Abingdon swore. “Lay him out on the chaise—that’s it—Christ, what the devil d’you think you’re doing, turning up at this hour? Everyone’s long gone, you bloody fools!”
Iris grabbed another napkin and Davenport supported Burgess to some kind of chaise, like a deck chair. Burgess shouted out obscenities.
“We’ve got to use your telephone,” Sasha said to Abingdon.
“Who the devil are you?”
“Chap from the American embassy,” said Davenport. “I say, that’s an awful lot of blood.”
Iris was starting to get woozy from the coppery smell of Burgess’s blood. She handed the napkin to Aunt Vivian and stepped to the edge of the terrace, where she vomited onto the shingles. When she looked up, she saw another man bounding up the steps, followed by a man in a constable’s uniform.
“What the devil’s going on here?” said the constable.
“It’s a private matter, damn it!” said Abingdon.
“Caught these drunkards coming up the beach!
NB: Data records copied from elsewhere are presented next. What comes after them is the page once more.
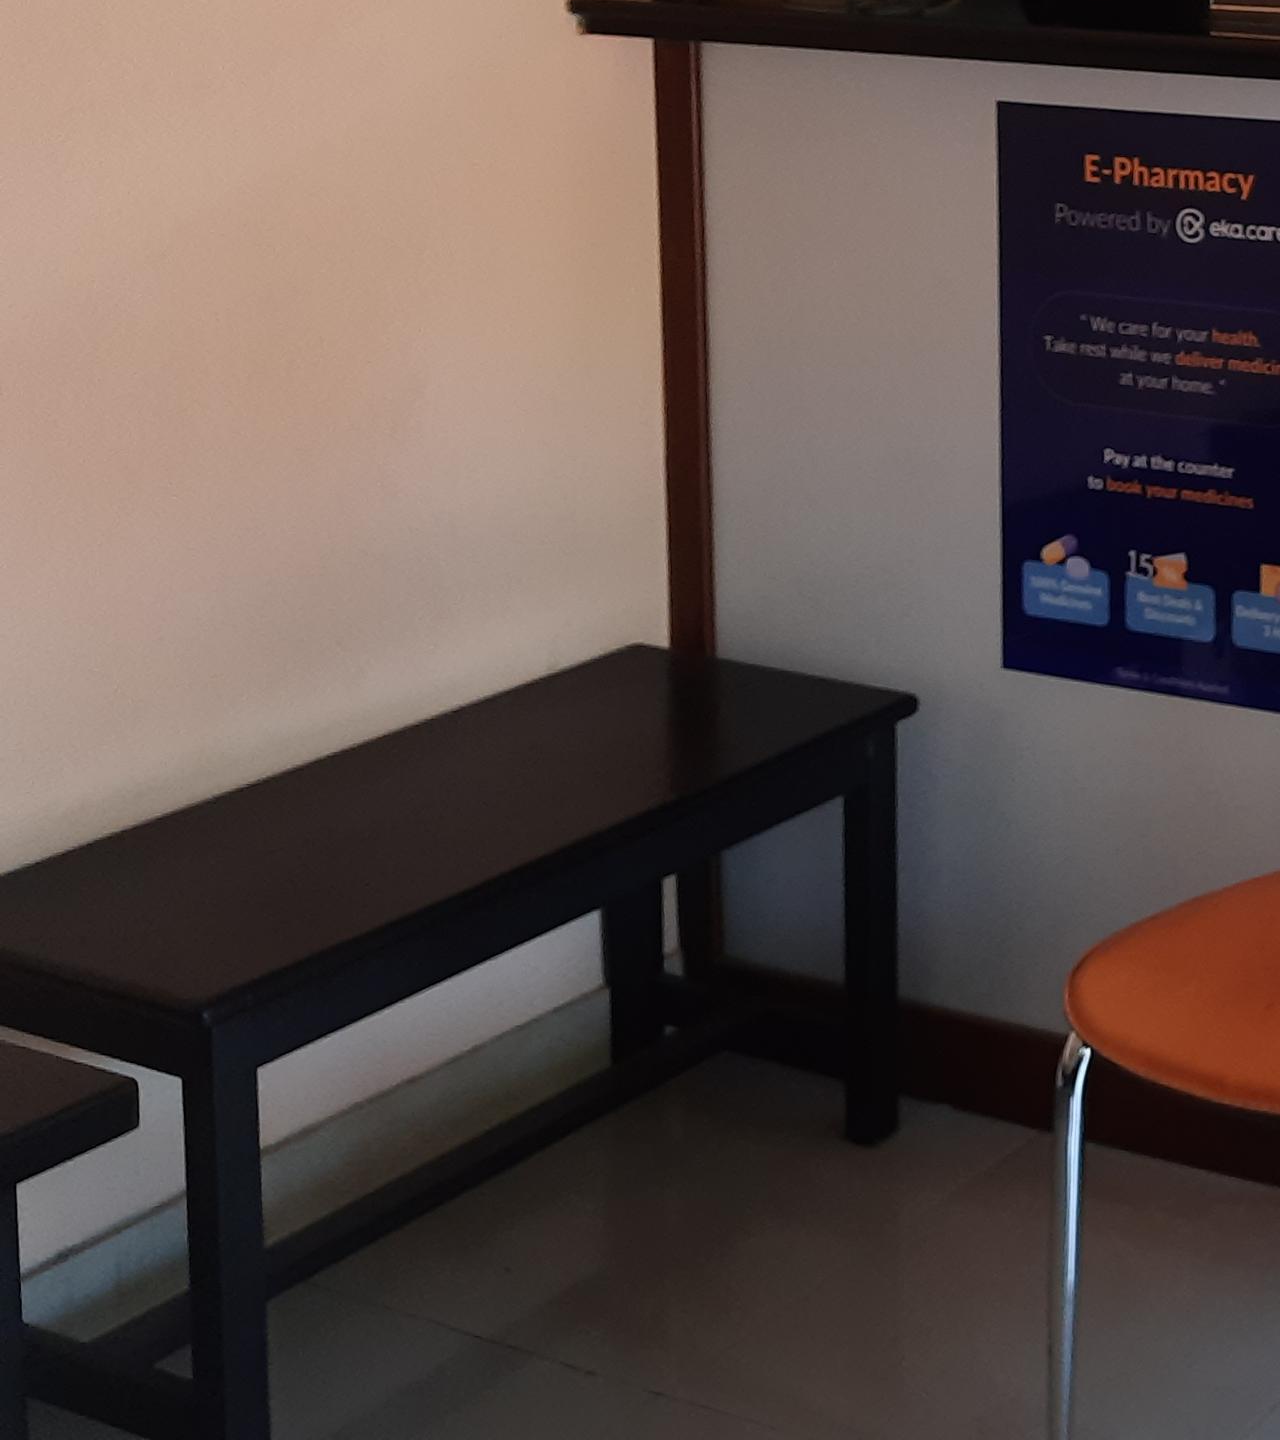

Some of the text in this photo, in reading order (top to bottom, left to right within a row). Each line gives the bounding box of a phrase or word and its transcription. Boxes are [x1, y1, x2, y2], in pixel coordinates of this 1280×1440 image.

[1083, 153, 1256, 201] E-Pharmacy
[1054, 202, 1142, 232] Powered
[1147, 210, 1173, 239] by
[1118, 320, 1149, 337] care
[1152, 321, 1173, 339] for
[1175, 329, 1209, 344] your
[1043, 335, 1078, 355] Take
[1079, 342, 1107, 358] rest
[1109, 344, 1147, 362] while
[1150, 351, 1173, 365] we
[1174, 351, 1223, 370] deliver
[1119, 371, 1134, 386] at
[1135, 375, 1169, 390] your
[1103, 447, 1235, 479] Pay at the counter
[1087, 474, 1255, 509] to book your medicines
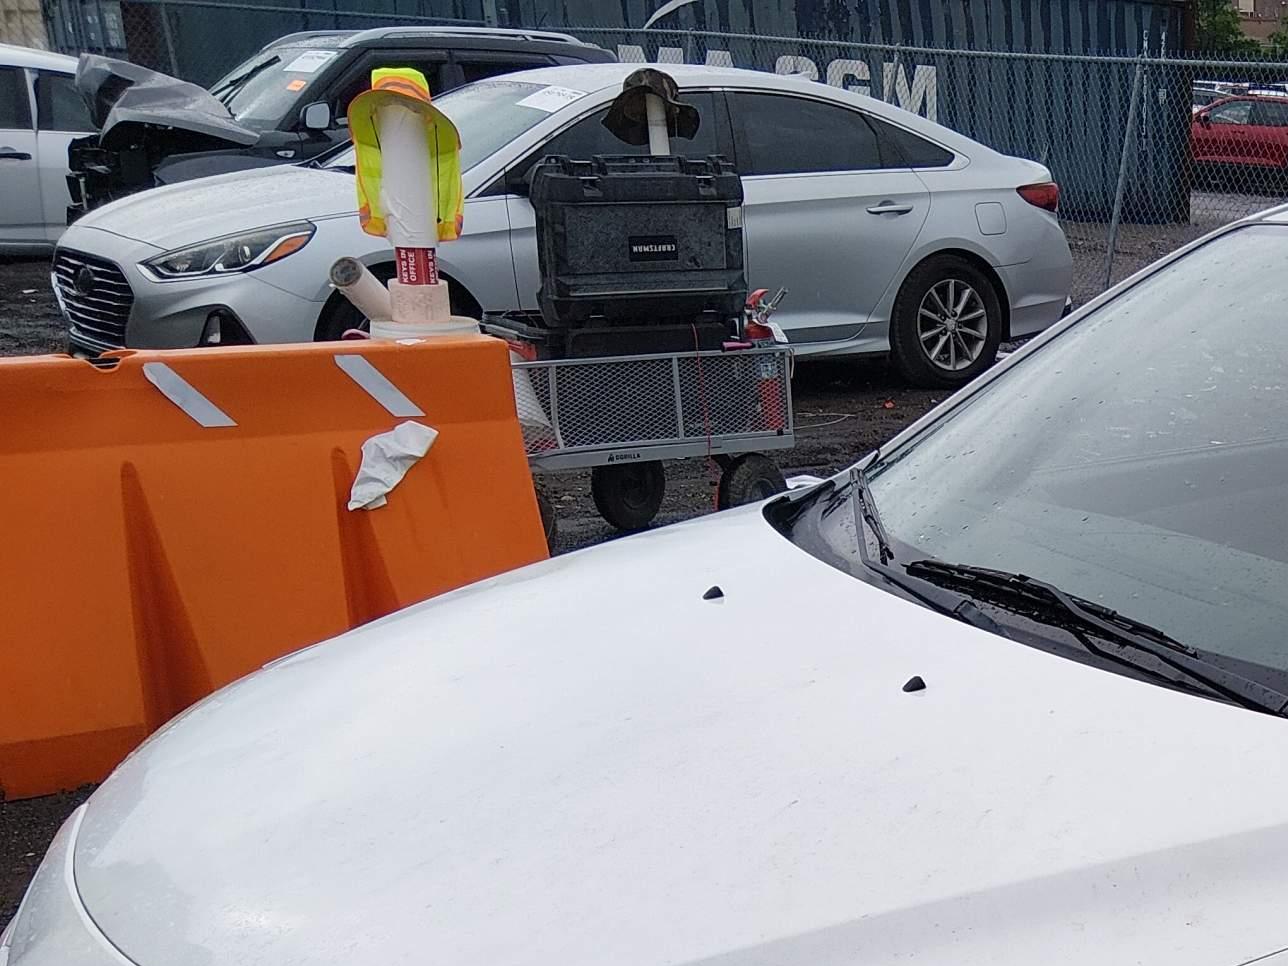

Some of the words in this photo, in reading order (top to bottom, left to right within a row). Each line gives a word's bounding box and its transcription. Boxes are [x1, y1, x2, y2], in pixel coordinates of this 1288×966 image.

Trespassing on the terrace!” yelled the other man.
“For God’s sake, Houlihan!” Abingdon shouted. “If I wanted you to call the constabulary, I’d have done it myself!”
“It’s my duty to protect this property, sir, and by God—”
“Oh, shut up, you idiot!” Sasha yelled.
“Shut up? I’ll not be told to shut up by some bloody American!”
Sasha lurched forward, grabbed the baton from the constable, and started to beat Houlihan about the shoulders.
Burgess shouted to Davenport, “For God’s sake, take him down!”
Davenport made a lunge for Sasha and the baton, but Sasha had several inches on him, to say nothing of all that pent-up drunken fury. He roared in rage and turned on Davenport. They crashed to the stone terrace together in some kind of struggling, punching tangle—not unlike last night’s lovemaking, Iris thought loopily—then she screamed and reached for Sasha’s shoulder. He rolled away from her, right on top of Davenport.
A sickening crunch escaped one of them.
Davenport howled in agony and went limp.
Abingdon let Iris use the telephone, not because he was any less angry but because he wanted them gone. They carried Davenport into the nearest room and laid him out on a sofa, where Sasha sat beside him, apologizing and berating himself. She dialed the operator and asked for Highcliffe. The operator asked her name and she said simply, “Iris.”
A moment later, Philip Beauchamp’s voice came down the line. “Iris! What’s the matter?”